麻酔薬はこの健康なときのpHで効果が出るように作られています。
つまり、炎症があり酸性に傾いている部位は、麻酔が効きにくくなります。
また、炎症の部位は血流がおおくなります。
そのため、麻酔薬がその場に留まりにくくなり、麻酔が効きにくくなっているのではないか、とも言われています。
下顎の治療
骨は海綿骨という柔らかい骨を皮質骨という硬い骨が覆っています。
そして、皮質骨には骨孔と呼ばれる小さな穴が無数に開いています。
下顎の骨、特に奥歯は、皮質骨が厚く硬い骨になります。
また、下の奥歯の骨孔は穴が狭く、また数も少ないです。
つまり、下顎の骨は硬く、また骨孔も少ないため、麻酔が柔らかい海綿骨まで浸透しにくくなり、効きにくくなります。
緊張している
緊張し、体がこわばっていると針が通りにくくなり、痛みを感じやすくなります。
また、痛みを意識しすぎると、少しの刺激でも痛みを感じやすくなってしまいます。
麻酔をするとき、お鼻でゆっくり深呼吸をして、緊張を和らげてみましょう。
体調不良や寝不足、前日の深酒
体調不良や深酒をしていると麻酔が効きにくくなることがあります。
また、麻酔直後に心拍が強くなったり、早くなったり、気分が悪くなることもあります。
麻酔後、具合が悪くなってしまった時、すぐ回復し、麻酔も十分にきいていれば問題ありません。
しかし、長引くようなときは、無理をせず、体調を整えてから再度治療を行うと安心かと思います。
疼痛閾値の低下
疼痛閾値とは痛みの感じやすさです。
疼痛閾値が低ければ痛みを感じやすく、逆に閾値が高ければ痛みを感じにくくなります。
疼痛閾値には当然個人差があり、決まった基準はありません。
また、この疼痛閾値は日々変化します。
これは脳内で痛みを感じるメカニズムが変化するため起こります。
治療を開始する前に麻酔を行ったが途中で痛みが出たため麻酔を追加。
その後また途中で痛みが出たため麻酔を追加。
しかしまた痛みが…
治療中の痛み→麻酔の追加→痛み→麻酔の追加→…
これを繰り返していくと麻酔が効きにくくなります。
これは繰り返す痛みにより痛みに過敏になり、疼痛閾値が下がることで起こります。
また、この疼痛閾値は恐怖や不安感、疲労などで下がると言われています。
すでにお話しした緊張や寝不足はこの疼痛閾値を下げていると考えられます。
まとめ
「痛くて腫れているのに薬を出して終わりだった。

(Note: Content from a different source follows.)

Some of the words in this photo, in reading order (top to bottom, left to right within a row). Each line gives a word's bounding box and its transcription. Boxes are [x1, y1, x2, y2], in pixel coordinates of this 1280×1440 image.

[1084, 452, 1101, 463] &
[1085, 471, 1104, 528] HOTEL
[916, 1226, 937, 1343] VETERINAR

」と不満に感じたことがある方もいらっしゃるかもしれません。
しかし強い腫れ痛みの時は強い炎症状態にあり、麻酔が効きにくい状態です。
そのため、「安心安全に治療を行えるようになる」ために、お薬をお渡ししています。
また、麻酔が苦手で不安や緊張をしている方は、緊張を和らげるために深呼吸をしてみてください。
麻酔が効きやすくなるかもしれません。